Overall Architecture

A two-stage strategy: (1) dynamic dual-patch embedding — the SPSS module adaptively selects patch size based on spatiotemporal cues; (2) selective cross-granularity feature enhancement — the IPS module identifies informative patches, and the CGFE module enhances coarse-grained patches with fine-grained counterparts.

Key Designs

  1. Spatiotemporal-aware Patch Size Selection (SPSS): The average depth \(\bar{D}^{T-1}\) and depth trend slope change \(\Delta S^{T-1}\) of object queries from the previous frame are used to dynamically determine the patch size for the current frame.

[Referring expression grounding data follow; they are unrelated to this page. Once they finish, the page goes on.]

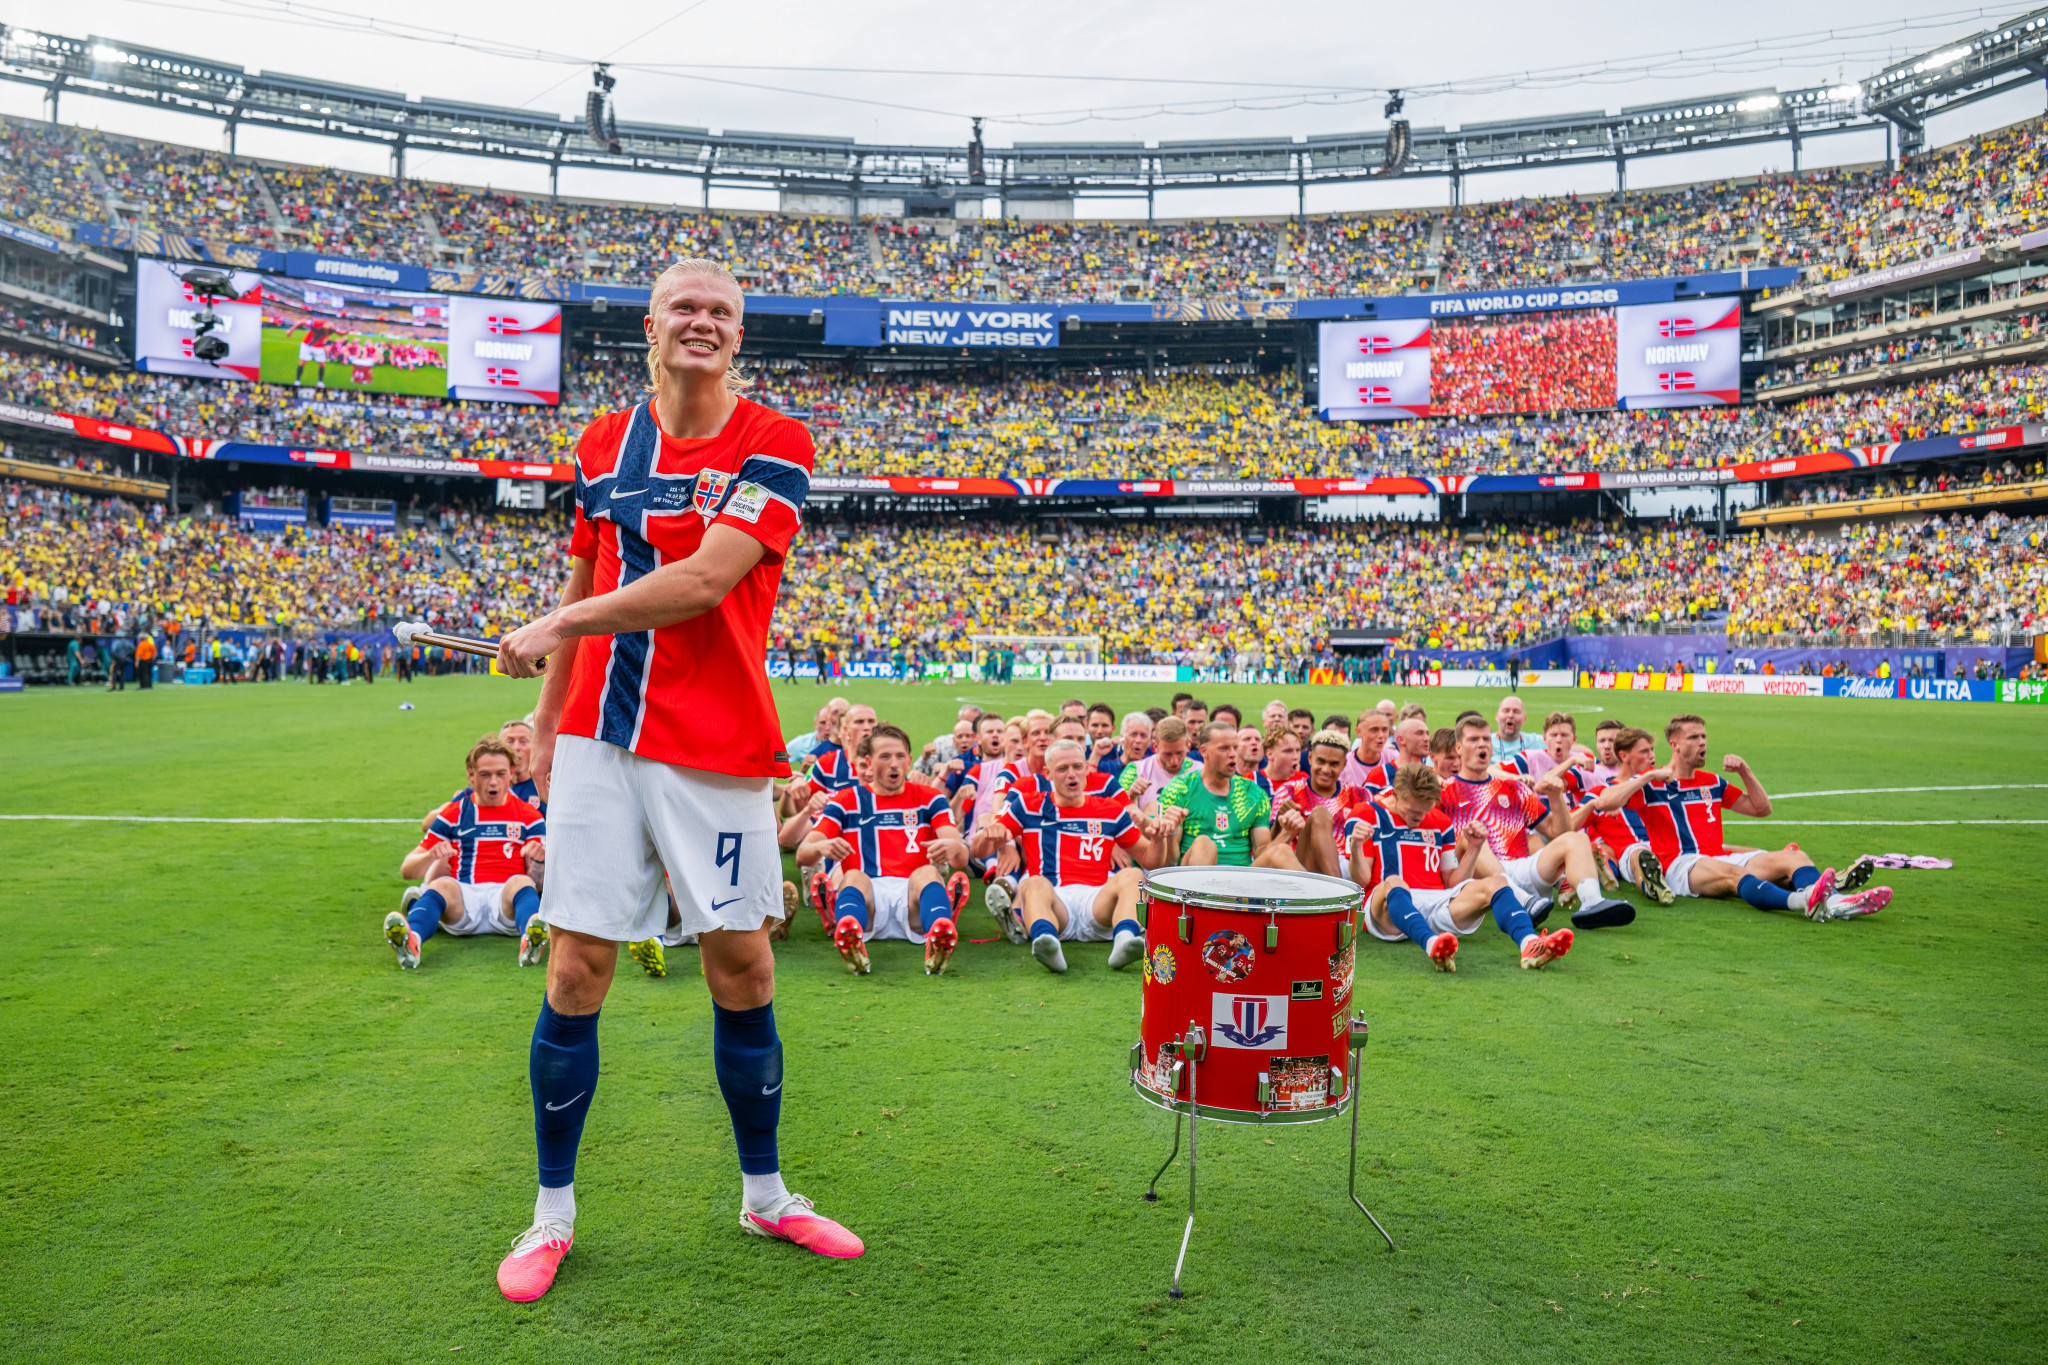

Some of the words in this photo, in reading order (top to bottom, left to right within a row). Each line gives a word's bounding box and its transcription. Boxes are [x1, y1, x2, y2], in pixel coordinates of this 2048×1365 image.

[1834, 279, 1860, 294] NEW
[1863, 271, 1892, 287] YORK
[1894, 264, 1921, 280] NEW
[1924, 251, 1972, 272] JERSEY
[1430, 299, 1464, 314] FIFA
[1466, 295, 1526, 311] WORLD
[1526, 292, 1559, 308] CUP
[1560, 288, 1619, 306] 2026
[889, 310, 961, 328] NEW
[967, 311, 1054, 329] YORK
[889, 330, 947, 345] NEW
[952, 332, 1053, 346] JERSEY
[475, 341, 533, 361] NORWAY
[1645, 343, 1709, 365] NORWAY
[1346, 361, 1404, 379] NORWAY
[1976, 431, 2007, 447] NORWAY
[366, 456, 389, 466] FIFA
[389, 457, 425, 469] WORLD
[425, 460, 445, 471] CUP
[445, 460, 479, 474] 2026
[1188, 482, 1210, 492] FIFA
[1210, 482, 1242, 492] WORLD
[1243, 482, 1262, 492] CUP
[1262, 481, 1295, 492] 2026
[1616, 474, 1638, 485] FIFA
[1639, 472, 1677, 483] WORLD
[1677, 471, 1699, 482] CUP
[731, 500, 756, 514] EDUCATION
[1707, 675, 1744, 693] verizon
[1764, 675, 1807, 695] verizon
[1840, 676, 1894, 699] Michelob
[1911, 679, 1972, 701] ULTRA
[2018, 682, 2045, 702] 蒙牛
[1705, 801, 1716, 823] 3
[904, 829, 919, 853] 8
[1079, 836, 1105, 861] 26
[715, 832, 743, 887] 9
[1423, 846, 1440, 872] 10

Distant objects with a receding trend lead to a larger patch to reduce computation; nearby objects with an approaching trend lead to a smaller patch to preserve detail; otherwise, the previous frame's setting is maintained to ensure temporal stability.

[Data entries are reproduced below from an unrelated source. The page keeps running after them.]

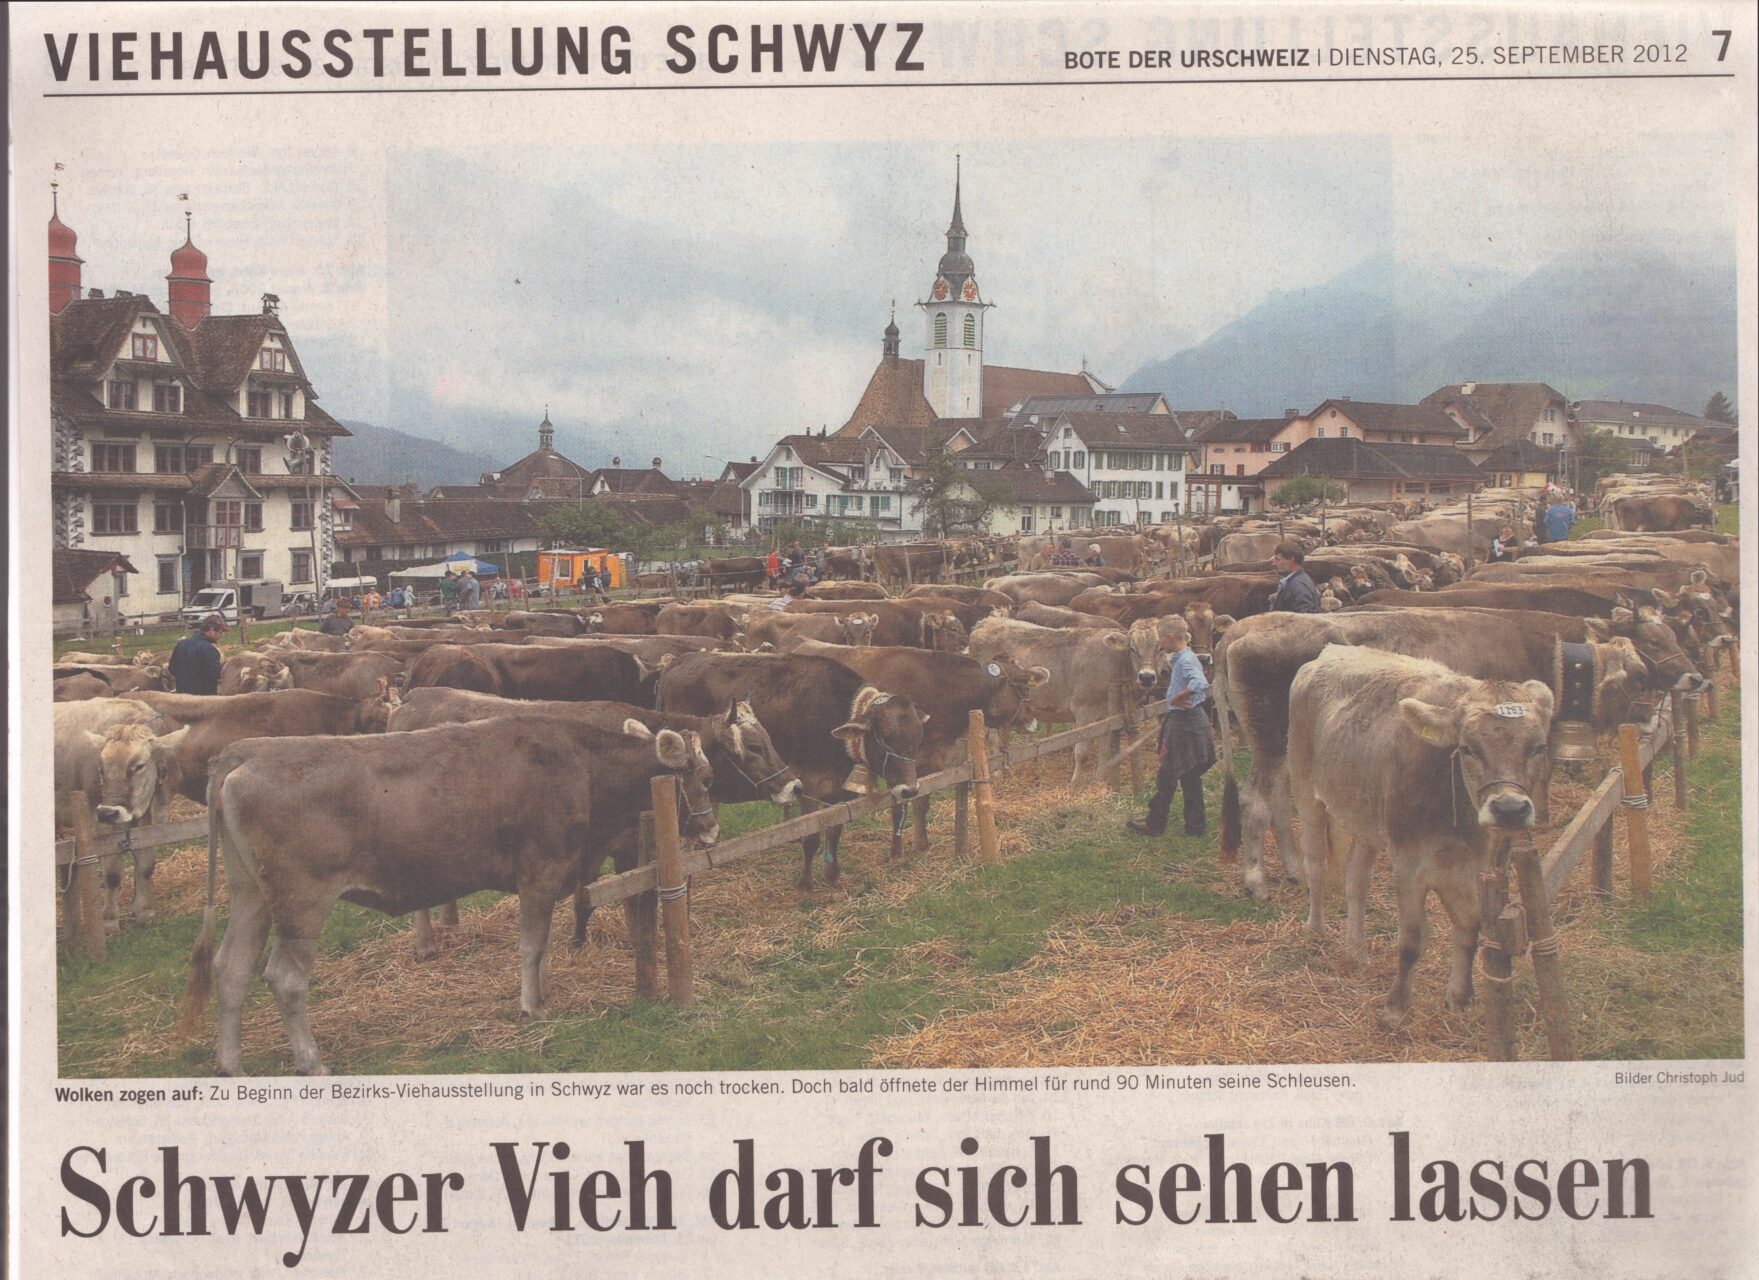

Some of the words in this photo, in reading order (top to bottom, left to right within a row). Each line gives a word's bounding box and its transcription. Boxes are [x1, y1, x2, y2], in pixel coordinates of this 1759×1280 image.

[43, 25, 632, 82] VIEHAUSSTELLUNG
[665, 22, 925, 74] SCHWYZ
[1064, 50, 1121, 70] BOTE
[1128, 50, 1172, 69] DER
[1180, 48, 1310, 69] URSCHWEIZ
[1329, 46, 1442, 68] DIENSTAG,
[1451, 46, 1484, 65] 25.
[1493, 44, 1624, 65] SEPTEMBER
[1633, 43, 1687, 63] 2012
[1711, 29, 1732, 62] 7
[54, 1086, 114, 1103] Wolken
[119, 1089, 166, 1105] zogen
[171, 1085, 204, 1102] auf:
[209, 1085, 230, 1101] Zu
[237, 1085, 293, 1104] Beginn
[299, 1084, 325, 1100] der
[331, 1082, 524, 1101] Bezirks-Viehausstellung
[530, 1081, 545, 1097] in
[551, 1081, 612, 1100] Schwyz
[616, 1084, 646, 1096] war
[650, 1083, 669, 1096] es
[675, 1079, 713, 1096] noch
[719, 1079, 785, 1095] trocken.
[792, 1078, 832, 1094] Doch
[839, 1077, 873, 1094] bald
[879, 1077, 937, 1093] öffnete
[942, 1077, 969, 1093] der
[975, 1076, 1038, 1092] Himmel
[1044, 1075, 1068, 1091] für
[1073, 1075, 1110, 1091] rund
[1116, 1074, 1139, 1090] 90
[1146, 1074, 1212, 1090] Minuten
[1218, 1076, 1261, 1089] seine
[1267, 1072, 1356, 1089] Schleusen.
[1615, 1072, 1653, 1085] Bilder
[1656, 1071, 1718, 1086] Christoph
[1721, 1071, 1745, 1083] Jud
[60, 1145, 465, 1269] Schwyzer
[489, 1140, 677, 1232] Vieh
[708, 1136, 894, 1231] darf
[915, 1135, 1083, 1229] sich
[1115, 1133, 1359, 1226] sehen
[1388, 1130, 1655, 1223] lassen

  2. Entropy-based Informative Patch Selection (IPS): After enhancing patch features via cross-attention with motion-aligned historical queries, the information entropy of L2-normalized features is computed. Patches whose entropy exceeds the scene mean are selected as informative regions, using an adaptive threshold rather than a fixed Top-K to accommodate varying scene complexity.

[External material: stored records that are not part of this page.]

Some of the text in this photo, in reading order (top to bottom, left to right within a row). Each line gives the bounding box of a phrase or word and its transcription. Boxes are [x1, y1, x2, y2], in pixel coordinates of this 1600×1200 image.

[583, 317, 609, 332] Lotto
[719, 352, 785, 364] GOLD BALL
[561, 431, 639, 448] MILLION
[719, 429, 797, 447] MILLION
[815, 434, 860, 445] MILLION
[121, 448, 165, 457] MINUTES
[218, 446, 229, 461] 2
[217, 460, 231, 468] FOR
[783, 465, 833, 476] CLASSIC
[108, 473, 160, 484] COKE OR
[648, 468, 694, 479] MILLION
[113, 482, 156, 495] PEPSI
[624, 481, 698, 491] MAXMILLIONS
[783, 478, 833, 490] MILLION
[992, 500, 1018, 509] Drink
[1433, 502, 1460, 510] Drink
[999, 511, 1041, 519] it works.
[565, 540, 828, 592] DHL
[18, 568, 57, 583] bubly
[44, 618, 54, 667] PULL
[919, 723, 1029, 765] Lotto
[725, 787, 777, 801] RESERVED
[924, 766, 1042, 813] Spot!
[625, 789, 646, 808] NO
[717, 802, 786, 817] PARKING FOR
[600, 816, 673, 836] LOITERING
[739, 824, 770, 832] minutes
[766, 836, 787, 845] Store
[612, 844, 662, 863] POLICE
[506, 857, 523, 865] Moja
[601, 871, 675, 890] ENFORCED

  3. Cross-Granularity Feature Enhancement (CGFE): Selected coarse-grained patches serve as queries, while the corresponding fine-grained patches from the original resolution serve as keys/values. Detail information is injected via position-encoding-augmented cross-attention, with residual connections preserving global structure.

Loss & Training

The detection loss from StreamPETR is inherited. In the dual-patch embedding, the original 16×16 small patches provide fine-grained feature references, while the flexible large patches are used for efficient inference. End-to-end training is employed.

Key Experimental Results

Main Results

Method Backbone NDS (%) mAP (%) Inference Time
StreamPETR (patch=16) ViT Baseline Baseline Baseline
ToC3D-faster ViT Slightly lower Slightly lower Faster
SEPatch3D-faster ViT Comparable Comparable −57%

On nuScenes, inference is accelerated by 57% with less than 1-point performance drop; an additional 20% speedup over ToC3D-faster. Effectiveness is also validated on Argoverse 2.

Ablation Study

  • The joint depth-and-trend decision in SPSS outperforms using depth or trend alone.
  • The adaptive entropy threshold outperforms fixed Top-K selection.
  • The cross-granularity enhancement in CGFE is critical for maintaining detection accuracy.

Key Findings

  • Detection performance begins to degrade when patch size exceeds 18, but selective enhancement can extend the acceleration benefit beyond this point.
  • Informative patches tend to correspond to texture-rich or edge regions — precisely where coarse patches incur the greatest information loss.
  • Spatiotemporal-aware selection effectively prevents abrupt patch size changes between consecutive frames.

Highlights & Insights

  • The "enlarge patch + selective enhancement" paradigm is more suited to 3D detection than pruning or merging approaches, representing a novel perspective.
  • Cross-layer interaction that uses detection query spatiotemporal information to guide backbone compression is an elegant design.
  • Unlike the foreground-oriented pruning in ToC3D, this approach retains background information valuable for learning hard negatives.

Limitations & Future Work

  • The predefined patch size set (\(P_s\), \(P_l\)) and depth threshold \(\theta\) require manual specification.
  • Fine-grained patches must always be computed, even though they do not participate in all ViT blocks.
  • Validation is limited to the StreamPETR baseline; generalizability to other sparse detectors has not been tested.
  • The dynamic patch size selection strategy is extensible to other ViT applications requiring an efficiency–accuracy trade-off.
  • The paradigm of using spatiotemporal queries to guide backbone computation breaks the conventional unidirectional information flow.
  • Cross-granularity feature enhancement can be applied to multi-scale representation learning.

Rating

7/10 — Clear motivation, practical methodology, and significant acceleration, with practical value in autonomous driving scenarios.